How to Incorporate a Business in Portugal: First Steps
This post is part of a collaborative effort between Startup Portugal, The Next Big Idea, and Sapo24, meant to create relevant content to tackle the COVID-19 pandemic.
Content available in Portuguese.
It has never been this easier to register a company in Portugal and, nowadays, you can do it in less than an hour. However, before doing so you must be well informed about everything you will need and what costs you will incur.
Register a company
Currently, it is possible to register a company in Portugal in less than an hour, with the Empresa na Hora service. This can be done over the counter or online. The type of documentation required depends on the type of partners and the type of company you want to create. The website makes this information available. To do this online you will also need to have the Digital Mobile Key or a citizen card reader and respective PIN. The costs also depend on the type of company to be created. A standard order costs around 360 euros.
Please note that for non-portuguese that do not have this kind of documentation, you might need to hire a portuguse lawyer to access the process for you. Check all the requirements here.
Beside the documentation and payment, it will also be necessary to appoint an Official Accountant (TOC) and it is required that the company’s partners have deposited the amount of the company’s share capital or declare that the amount will be deposited in cash or delivered to the company’s coffers.
As for the name of the company, you have two options, access a list of names already approved or present an admissibility certificate previously approved by the Registo Nacional de Pessoas Coletivas. This certificate has a cost of 75 euros or, in case of an urgent request, 150 euros.

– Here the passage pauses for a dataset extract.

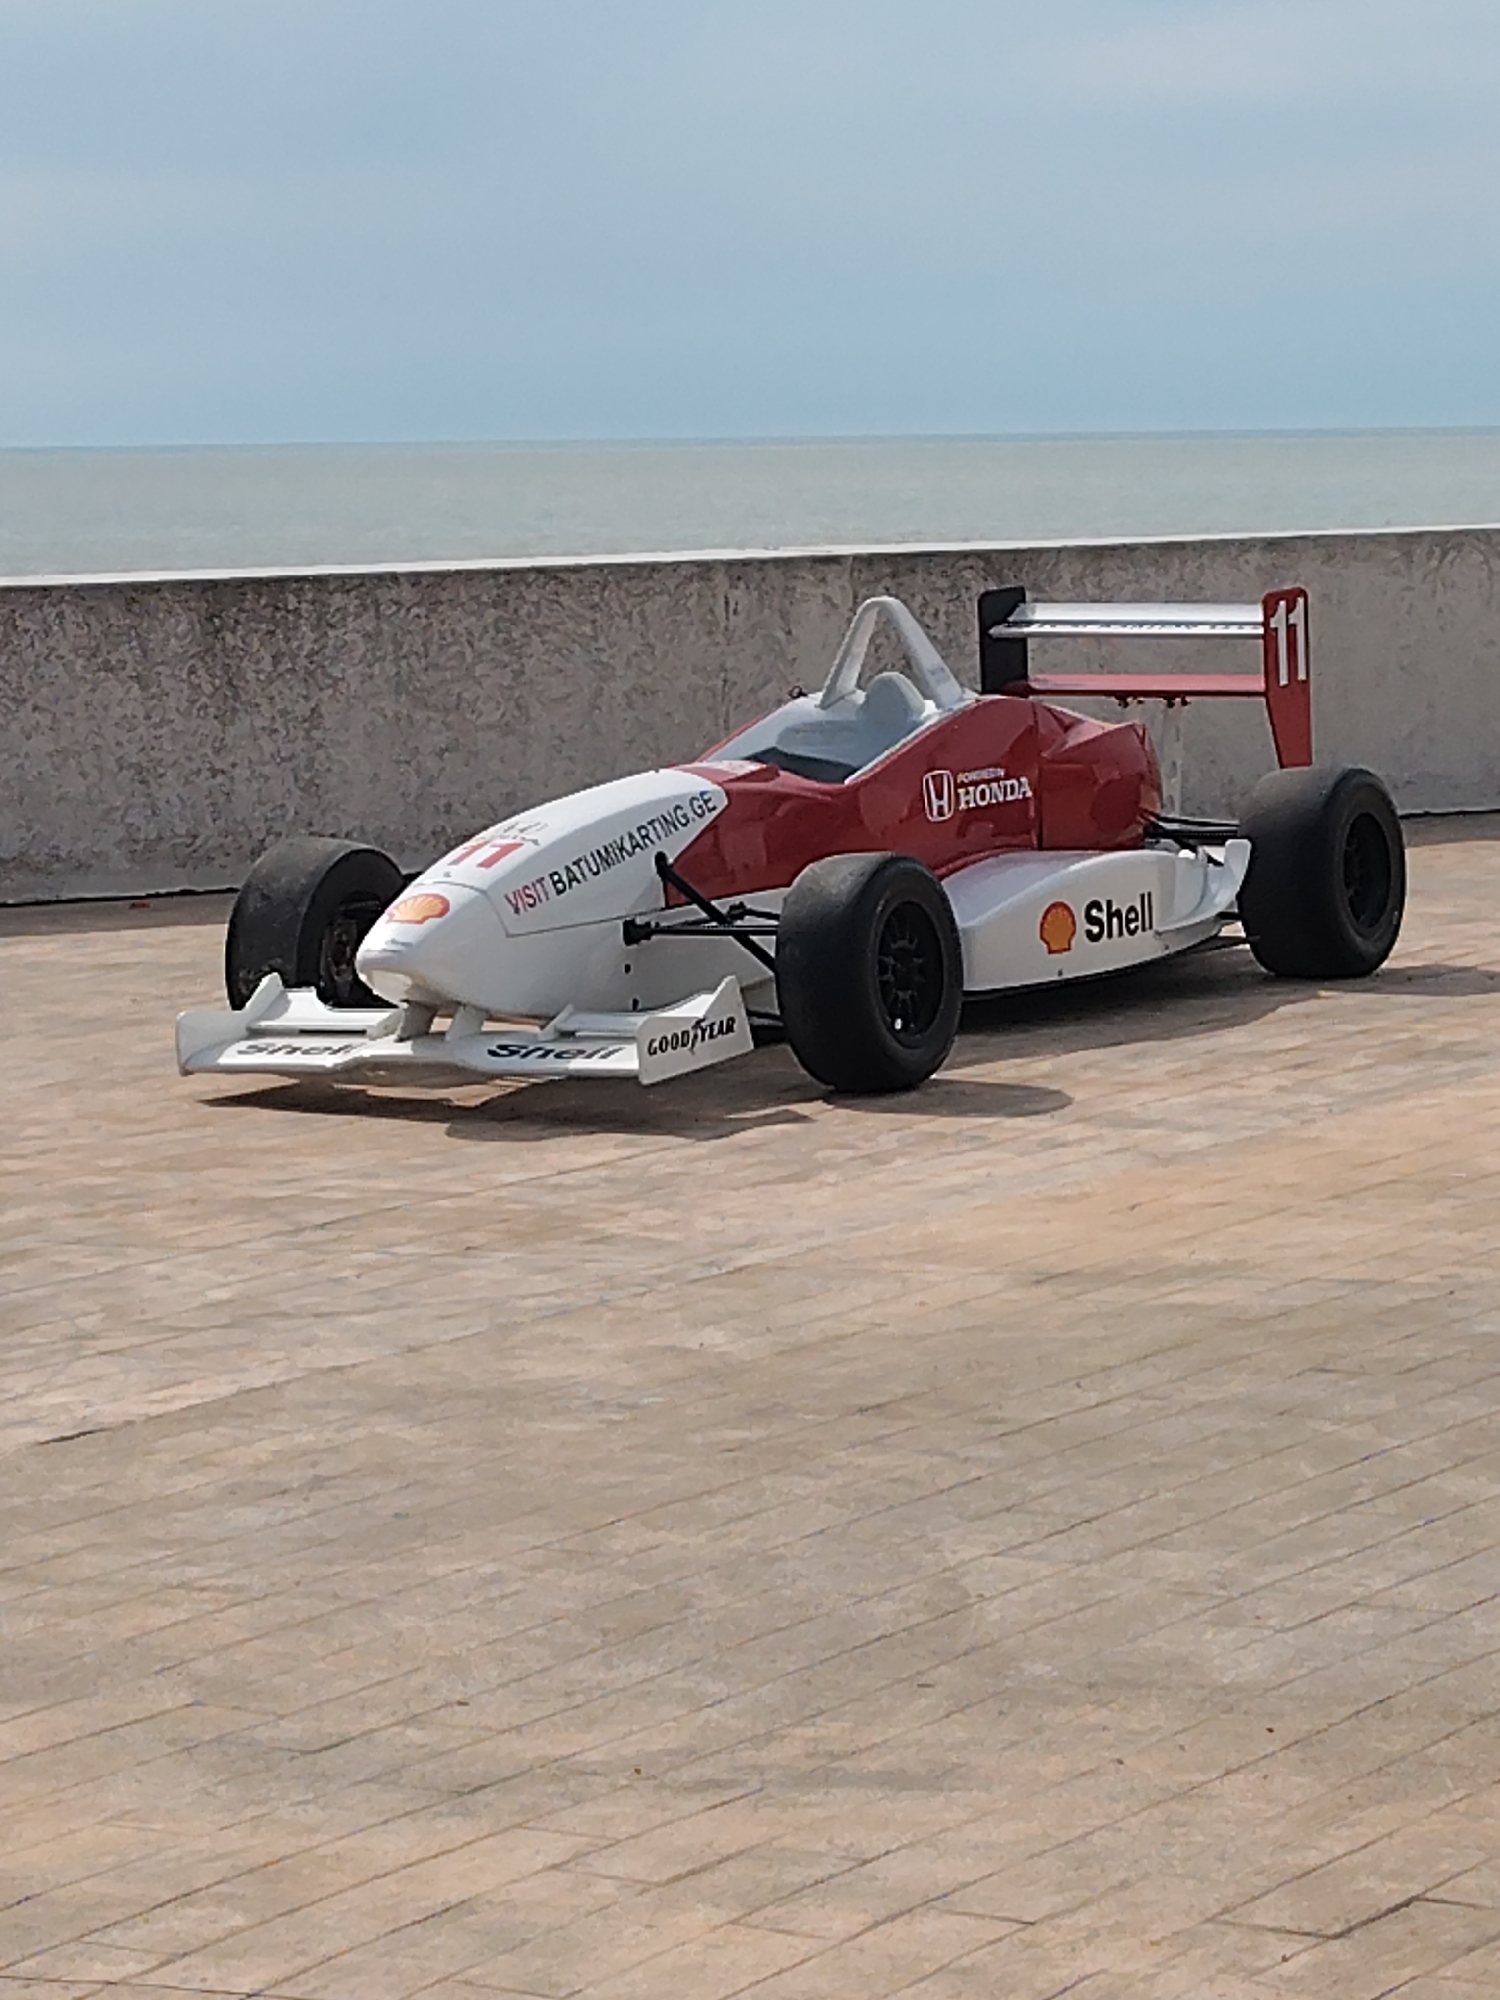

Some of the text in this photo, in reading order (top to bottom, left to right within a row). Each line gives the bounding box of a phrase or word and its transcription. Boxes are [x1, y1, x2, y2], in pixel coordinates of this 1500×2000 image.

In addition to the costs already mentioned, you should take into account that, from the moment you register a company, you will already have tax obligations. These will be the 4 main taxes to be aware of:
– IRC (Imposto Sobre o Rendimento das Pessoas Coletivas): This tax is applied to your company’s profits, and represents a 21% tax. SMEs benefit from a 17% tax on the first 15 thousand euros of profit. Only when this value is exceeded is the 21% rate applied.
– IVA (Imposto sobre o valor acrescentado): VAT rates can vary between 6%, 13% and 23% in Portugal, depending on the goods or services provided by your business. However companies pay VAT to their suppliers and charge VAT on their products to customers, the difference between both is communicated and, if necessary, paid monthly or every three months.

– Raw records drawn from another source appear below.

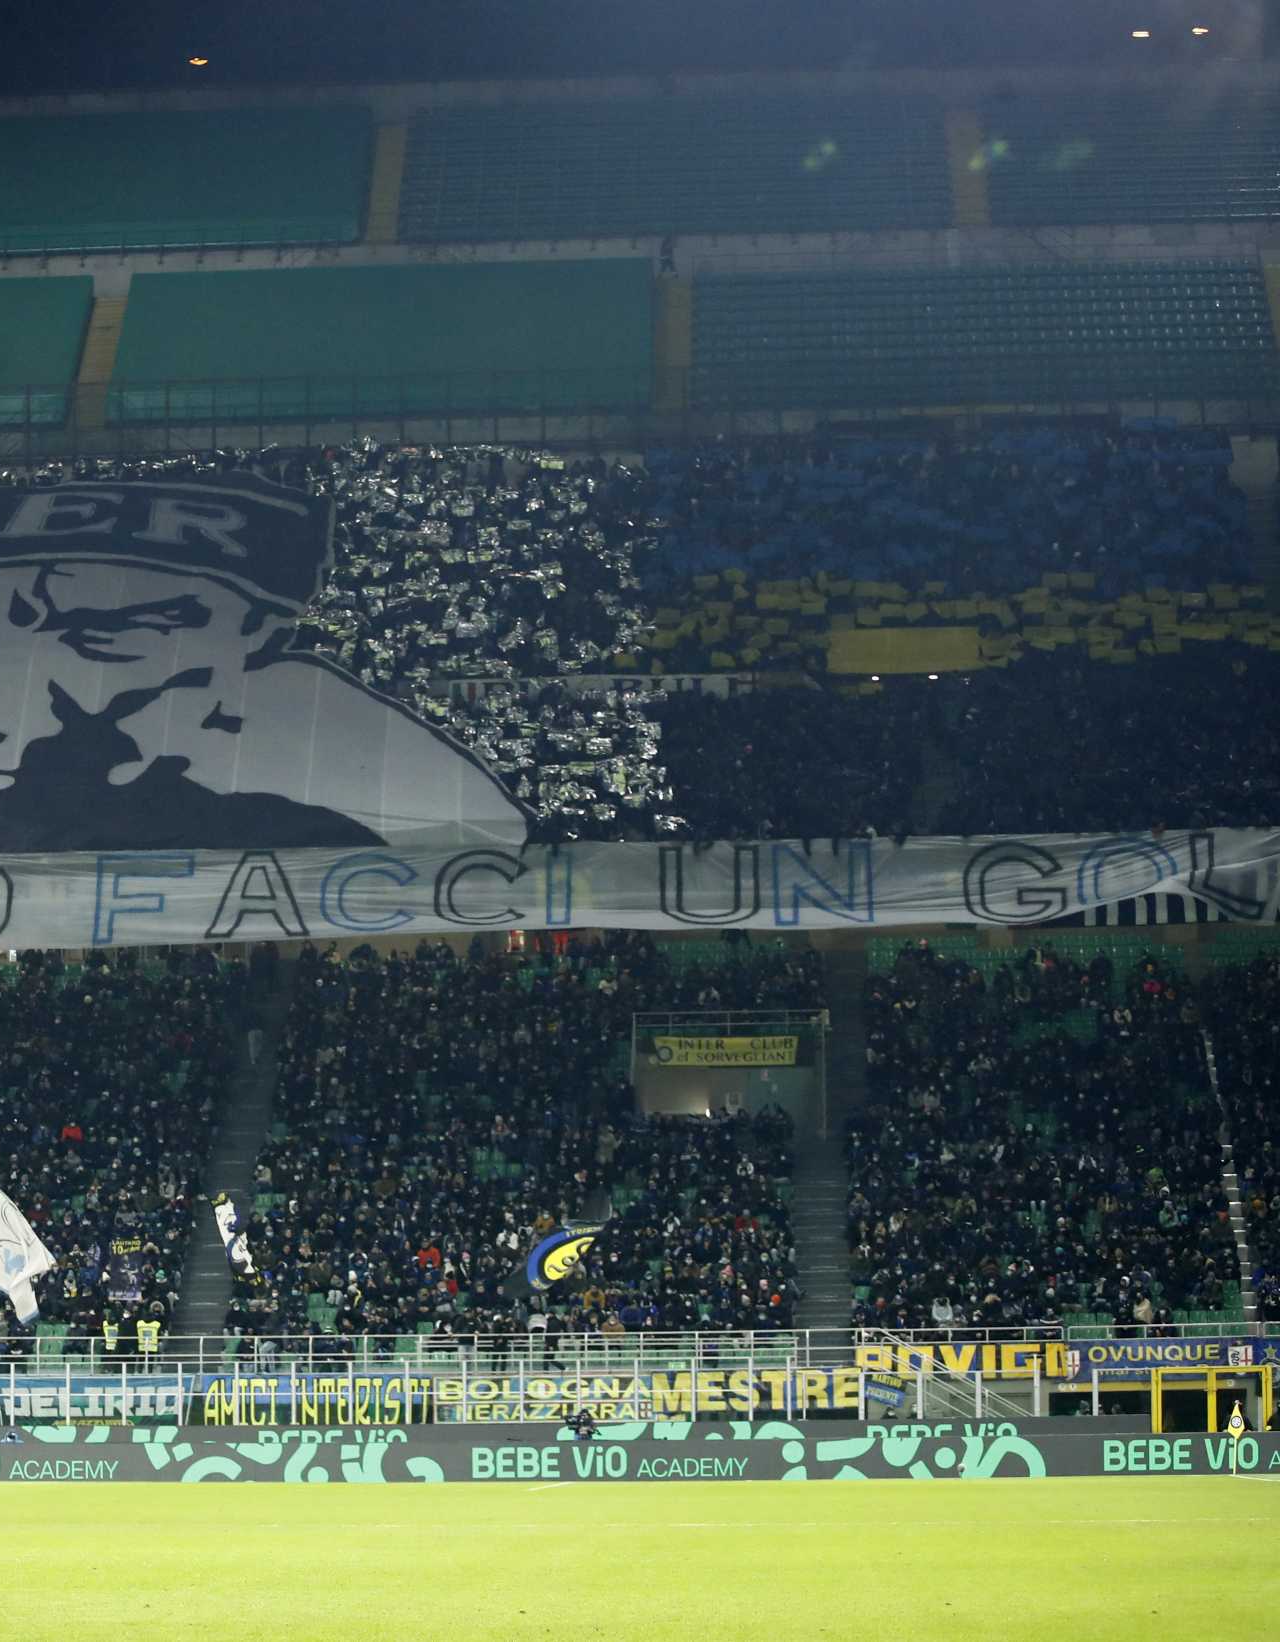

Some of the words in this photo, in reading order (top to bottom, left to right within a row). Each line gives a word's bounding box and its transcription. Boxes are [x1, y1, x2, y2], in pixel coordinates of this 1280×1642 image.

[91, 849, 573, 946] FACCI
[658, 841, 875, 926] UN
[963, 831, 1268, 926] GOL
[750, 1038, 794, 1050] CLUB
[1088, 1344, 1220, 1363] OVUNQUE
[1, 1386, 185, 1417] DELIRIO
[203, 1377, 279, 1425] AMICI
[438, 1377, 652, 1400] BOLOGNA
[651, 1367, 860, 1414] MESTRE
[9, 1460, 119, 1480] ACADEMY
[472, 1446, 561, 1479] BEBE
[637, 1457, 749, 1478] ACADEMY
[1103, 1439, 1192, 1472] BEBE

– TSU (Taxa Social Única): this is a Single Social Tax and is the contribution that is paid to Social Security for each worker that a company has. Currently, the TSU represents a rate of 23.75% on the salary of each worker.
– Derrama Municipal: this amount may vary depending on the city where the company is based and will be paid to the municipality, it does not exceed 1.5% of profits.
Essential Steps to Success
In addition to the costs and bureaucracies that opening a new business requires, it is necessary to ensure that your business will succeed.
The validation of an idea is the first step to be taken, even before registering the company, in order to ensure that it is worth investing and in what ways. In a brief search for the topic, several ways can be found to carry out this validation. It is unanimous that it is necessary to probe potential customers, whether using feedback from family or friends, or using market studies carried out by specialists and that it is important to check what already exists and what the competition will be.
Once the idea is validated, it is essential to have a structured business model, which allows you to identify the resources, skills and partnerships that you have or will need and how best to use them. There are several templates to formulate your business model, the Canvas model and the Porter Value Chain model being the most popular. In addition to the templates available on the internet, you can also use books or training from different institutions such as Anje or Turismo de Portugal, among many others. The lack of a valid business model is one of the most prominent causes when analyzing reasons why a startup fails.